Broken bones, lacerations, and late-night illnesses were among the thousands of maladies that brought students through the doors of Pullman’s community hospital during its 57 years on Washington State University’s campus.
But that era ended December 16, 2004, when Pullman’s hospital moved its last patient from the brick building it shared with WSU’s Student Health and Wellness Services and settled into a new site on Bishop Boulevard a half-mile away.
Since 1903, when a smallpox outbreak in Ferry Hall forced college officials to house patients in a gymnasium, people have turned to Washington State for medical help. That year, the need for beds prompted the college to open a two-story infirmary called Maple Cottage, which sat in the place now occupied by WSU’s fire station.
But the small, seven-bed cottage couldn’t accommodate the fast-growing student population for long.

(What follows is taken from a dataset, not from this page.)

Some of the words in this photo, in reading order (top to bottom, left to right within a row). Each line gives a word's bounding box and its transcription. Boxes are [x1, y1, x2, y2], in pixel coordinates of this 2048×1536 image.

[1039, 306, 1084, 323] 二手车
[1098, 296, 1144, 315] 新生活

In 1928, a new four-story brick building, the architectural match to Honors (White) Hall to the north, was built with donations and student money on its current site bordered by Washington and Nevada streets. It was named Finch Memorial Hospital, in honor of the project’s greatest benefactor, the estate of John A. Finch of Spokane.
Dr. Betty Adams recalls the building from her time here in the late 1940s as a student and nurse’s aide. She remembers seeing all things typical to a student health clinic: football injuries, stomach flu, car crash victims, and sometimes homesickness.

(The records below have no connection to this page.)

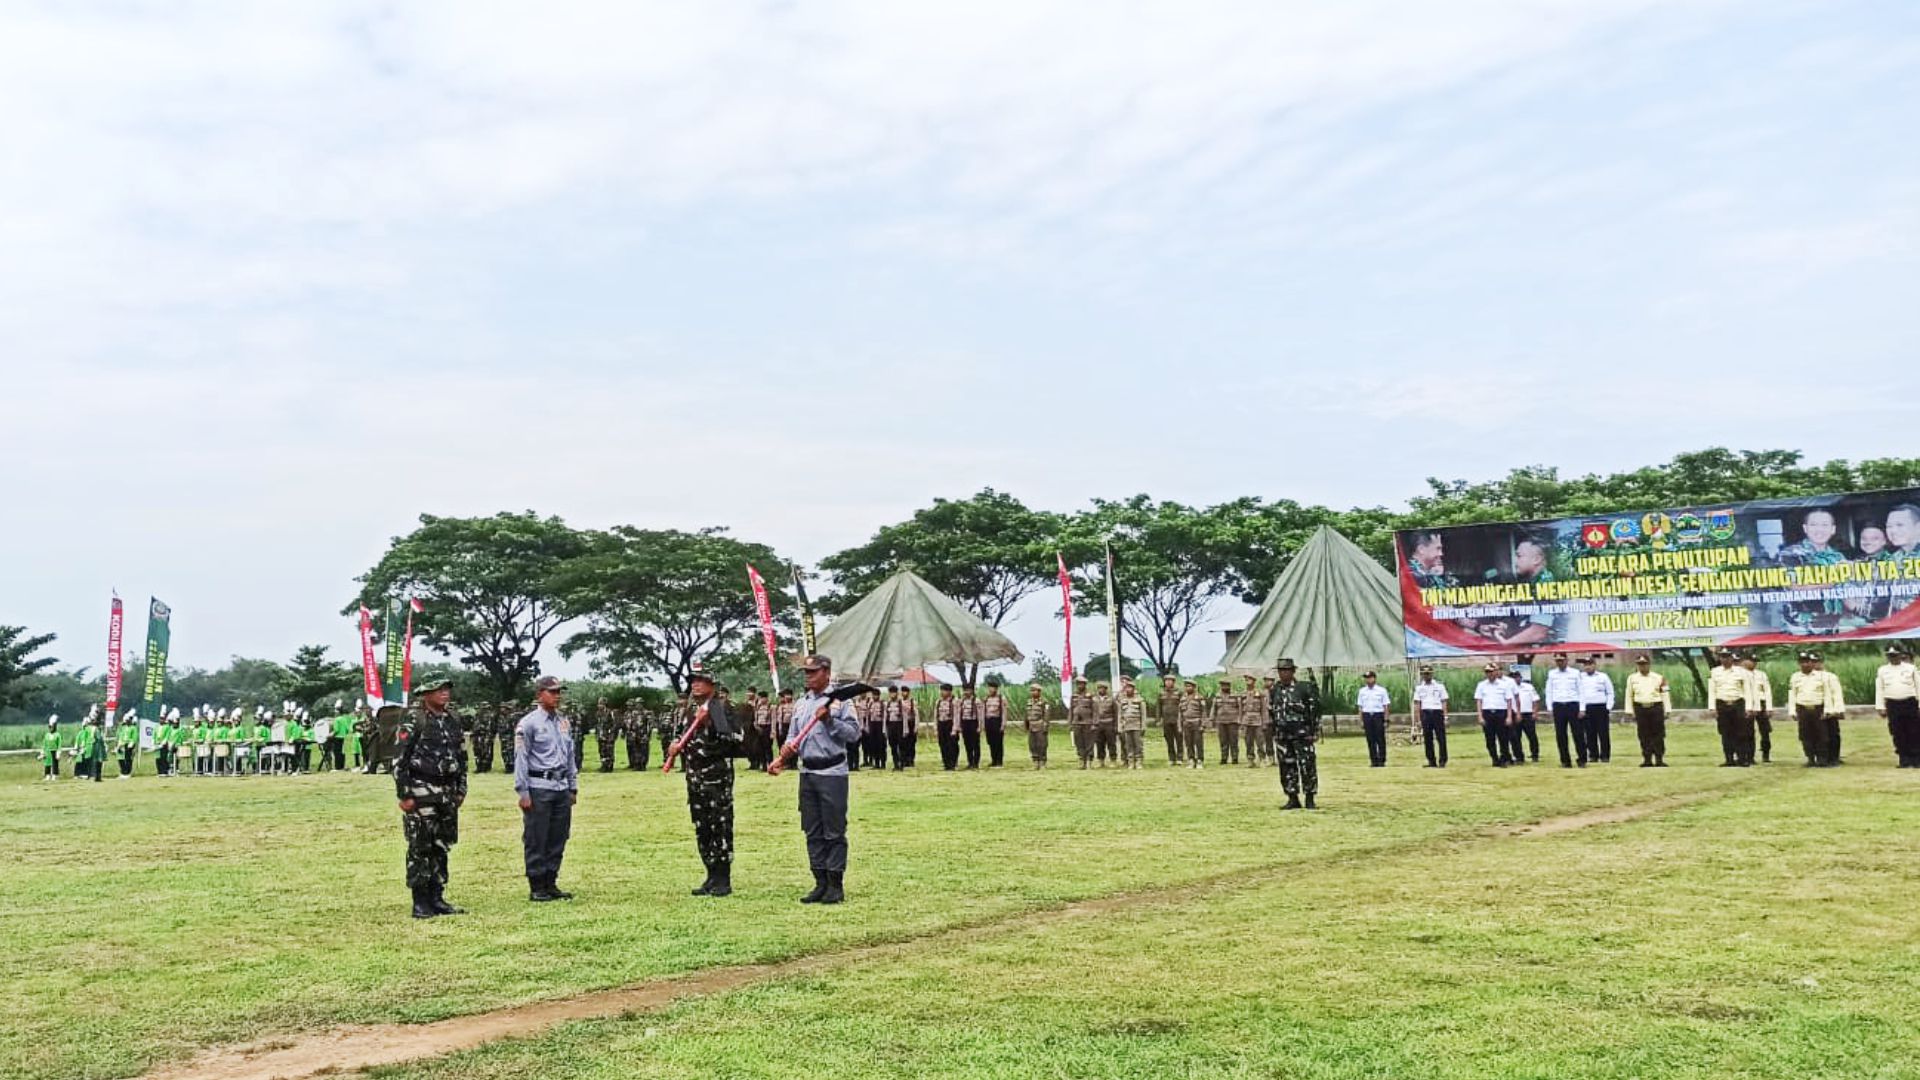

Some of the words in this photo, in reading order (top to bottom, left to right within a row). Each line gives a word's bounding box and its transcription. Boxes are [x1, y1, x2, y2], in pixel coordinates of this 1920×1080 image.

[1577, 555, 1650, 575] UPACARA
[1652, 546, 1750, 571] PENUTUPAN
[1420, 588, 1443, 607] TNI
[1446, 583, 1534, 605] MANUNGGAL
[1536, 576, 1633, 600] MEMBANGUN
[1635, 574, 1677, 595] DESA
[1679, 567, 1792, 592] SENGKUYUNG
[1794, 563, 1851, 586] TAHAP
[1854, 562, 1874, 582] IV
[1877, 560, 1900, 580] TA
[1589, 613, 1639, 633] KODIM

Seriously ill patients were sent off to the hospital 16 miles up the highway in Colfax. “In the middle of winter, that could be a challenge,” says Adams. And the fact that Pullman had no hospital of its own had become a liability.

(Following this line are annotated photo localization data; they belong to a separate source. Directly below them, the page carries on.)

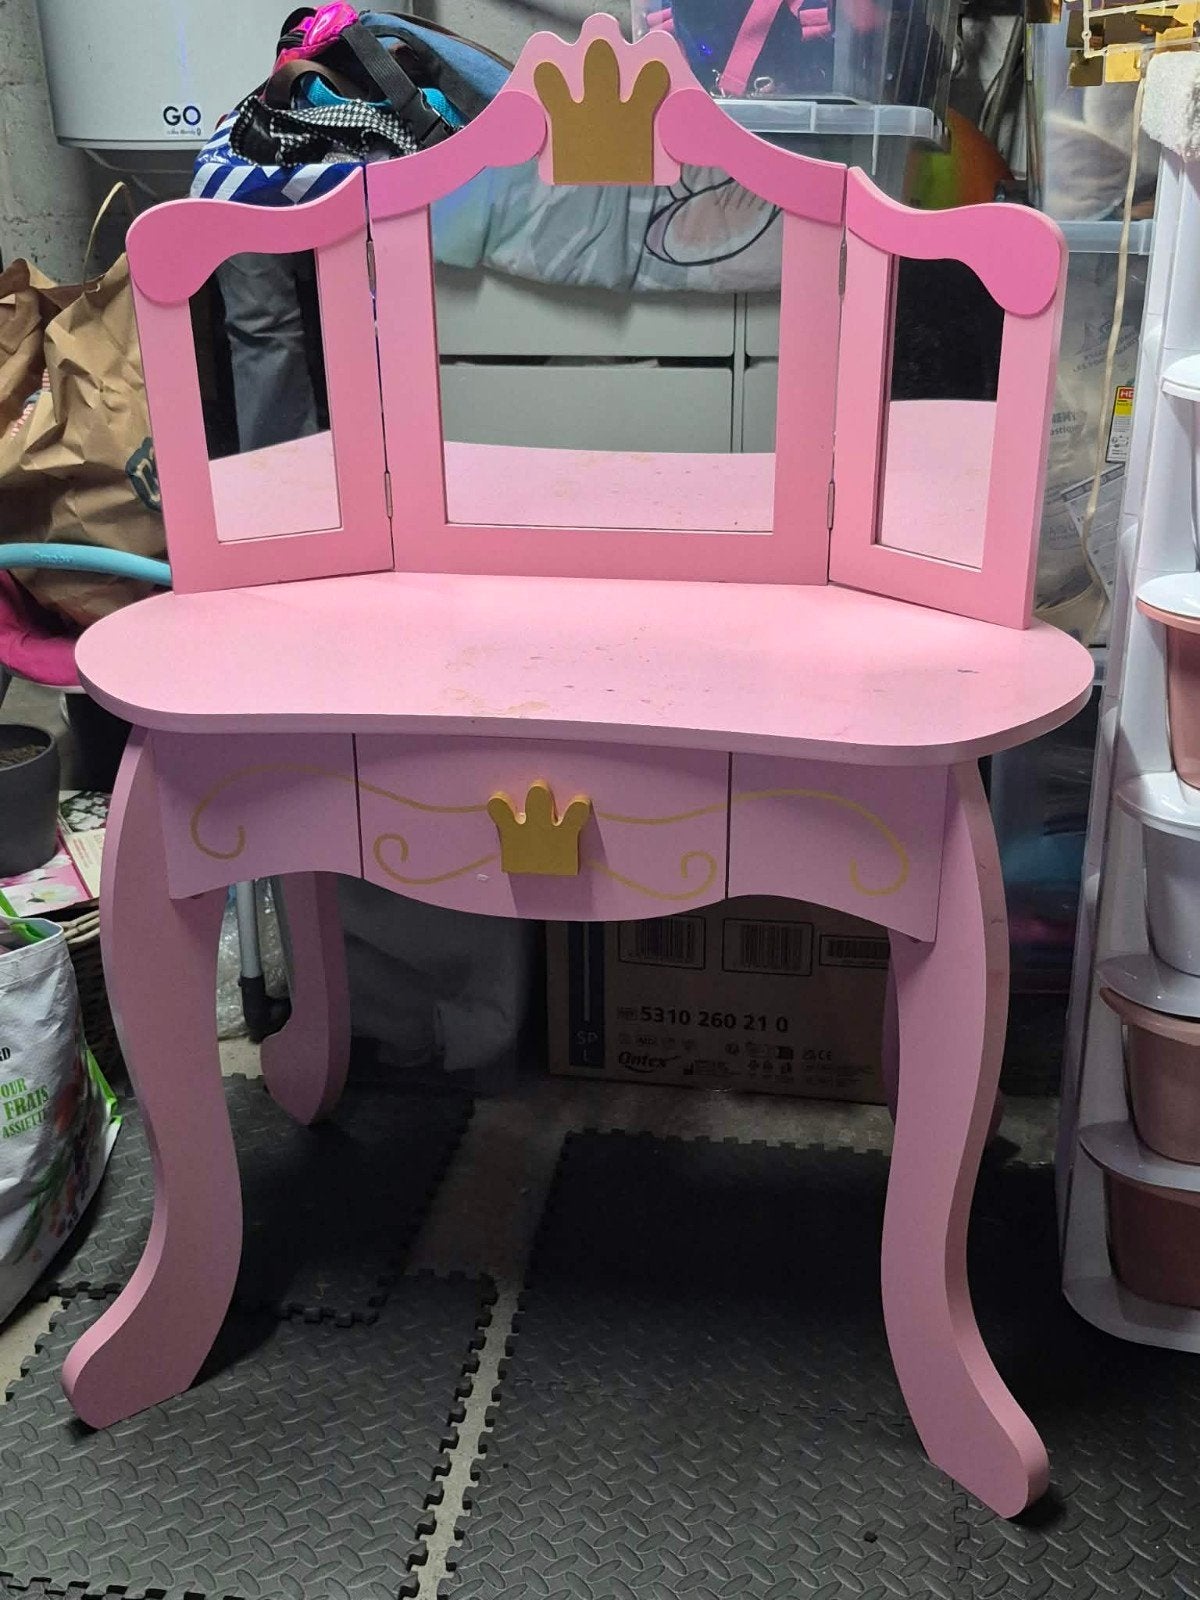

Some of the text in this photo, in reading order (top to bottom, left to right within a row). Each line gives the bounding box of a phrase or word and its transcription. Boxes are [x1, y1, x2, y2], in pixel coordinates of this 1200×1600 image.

[163, 105, 201, 126] GO
[641, 1006, 691, 1025] 5310
[697, 1010, 737, 1029] 260
[743, 1013, 767, 1031] 21
[776, 1016, 789, 1032] 0
[3, 1085, 49, 1121] FRAIS
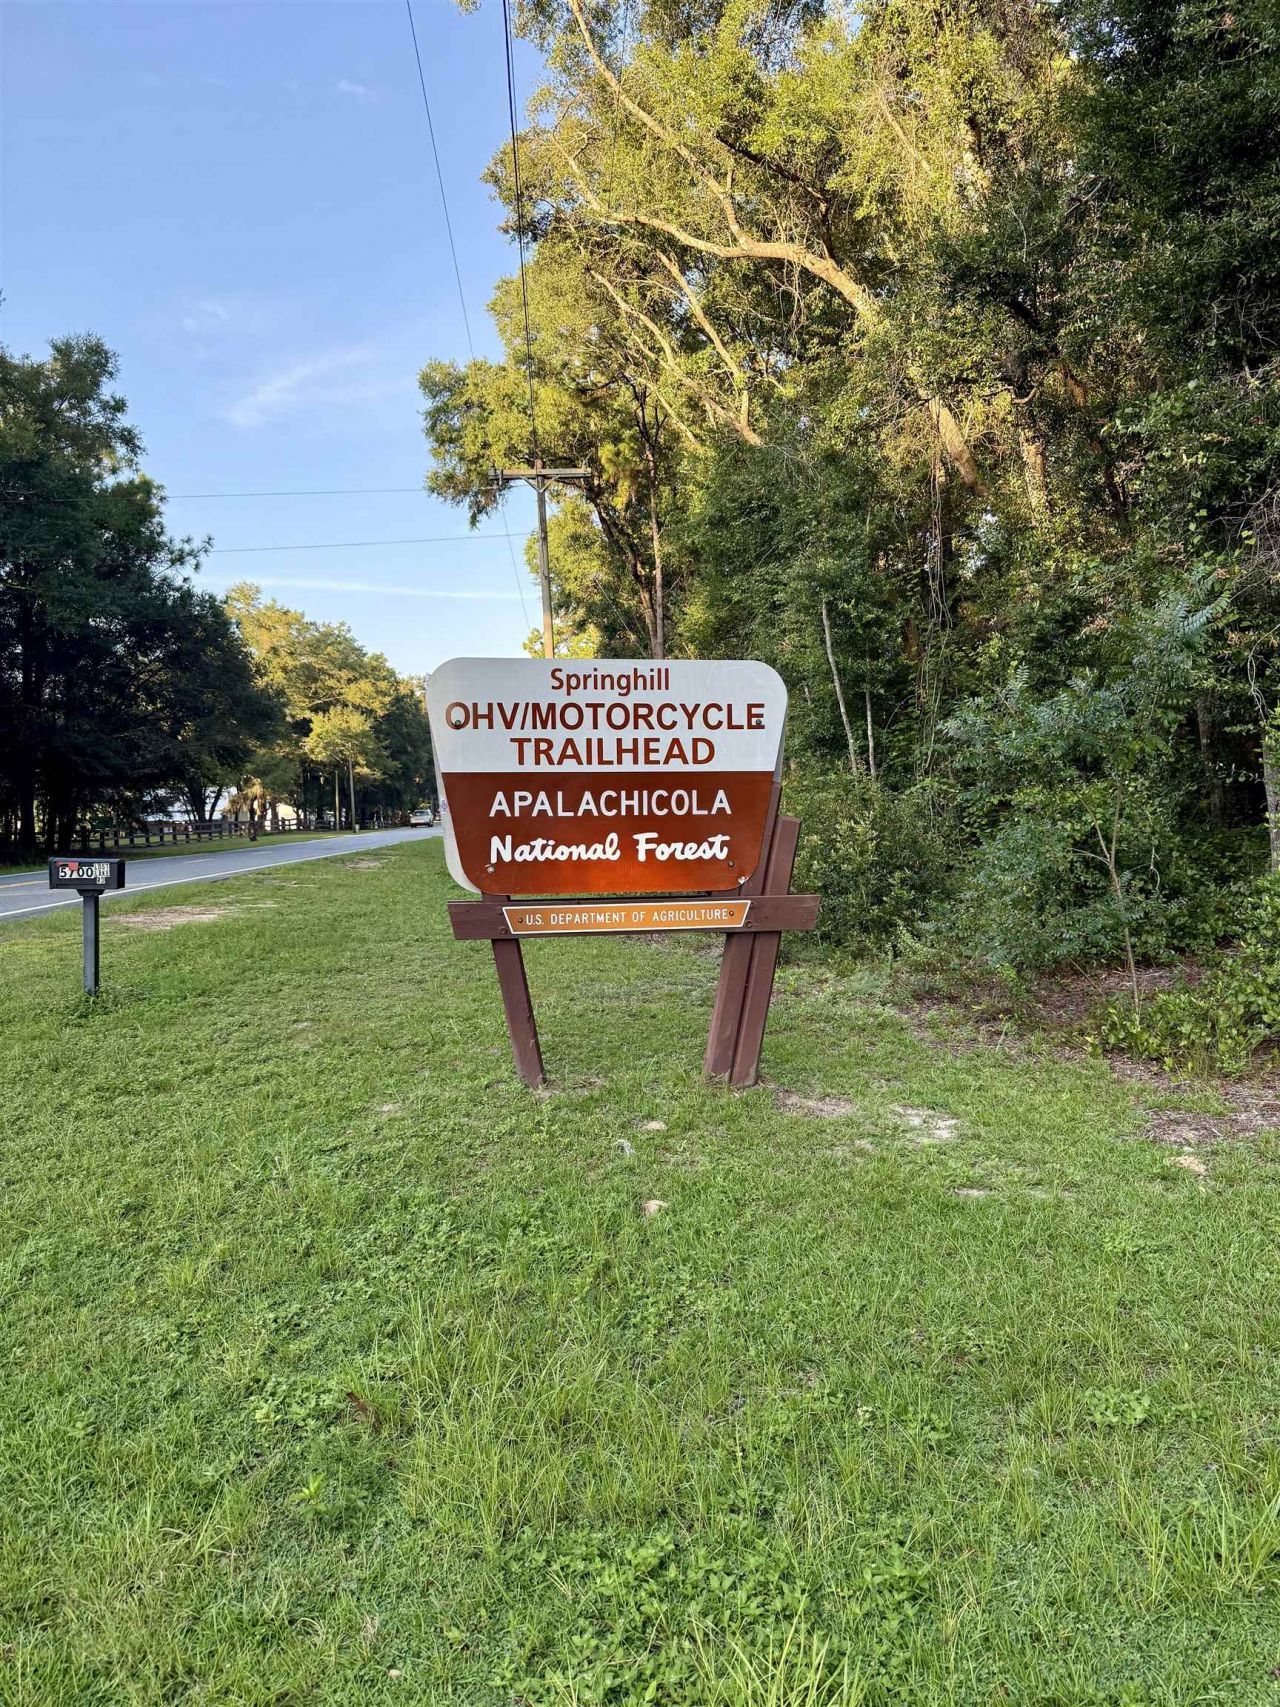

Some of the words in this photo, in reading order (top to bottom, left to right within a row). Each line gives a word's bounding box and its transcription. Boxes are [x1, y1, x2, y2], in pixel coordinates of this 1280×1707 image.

[550, 667, 670, 696] Springhill
[445, 702, 765, 731] OHV/MOTORCYCLE
[510, 737, 716, 766] TRAILHEAD
[489, 789, 732, 817] APALACHICOLA
[490, 832, 621, 864] National
[633, 832, 730, 862] Forest
[526, 914, 544, 926] U.S.
[551, 912, 626, 925] DEPARTMENT
[632, 911, 645, 923] OF
[653, 909, 729, 922] AGRICULTURE

“It was seen as a recruiting problem,” says Adams. “No hospital in town? It didn’t go well with trying to bring young faculty in.”
So in 1945 the college and city leaders worked out an agreement to open a hospital in the student health building. In the 1950s, the townspeople raised enough money to build a community wing with surgery suites, a nursery, and 49 beds. The hospital, at that point known as Pullman Memorial, leased its land from the University for $1 a year. Not only did the on-campus medical center help attract faculty, the administrators touted it in their efforts to draw students.
Putting the student health facility and the hospital in the same building offered more than a marketing tool. It gave both entities a chance to share services and expenses. Though each had its own doctors and care providers, they had the same patients, says Adams.
As a students’ doctor, she often worked in the hospital filling emergency room shifts and tending to her student patients. “It has been an interesting thing over the years: what’s the health service and what’s the hospital,” she says.
In the early 1980s, both entities benefited from a $3.4 million remodel, which made the facility more accessible by car and traded its “collegiate Georgian” look for modern style.
But lately the hospital has outgrown the old structure. The design didn’t mesh with today’s services and technologies, say hospital officials, explaining why the community hospital was moved off campus.
The student health officials plan to spread into the space vacated by the hospital.
The students’ doctors, like Wright, are checking in on patients at the hospital and continuing to consult with hospital colleagues to ensure the best care for the students at both facilities.
Adams, who retired in 1996 and lives in Pullman, wishes them the best of luck. “Those college kids can either give you a lot of gray hairs or keep you young,” she says. “I can’t tell you which.”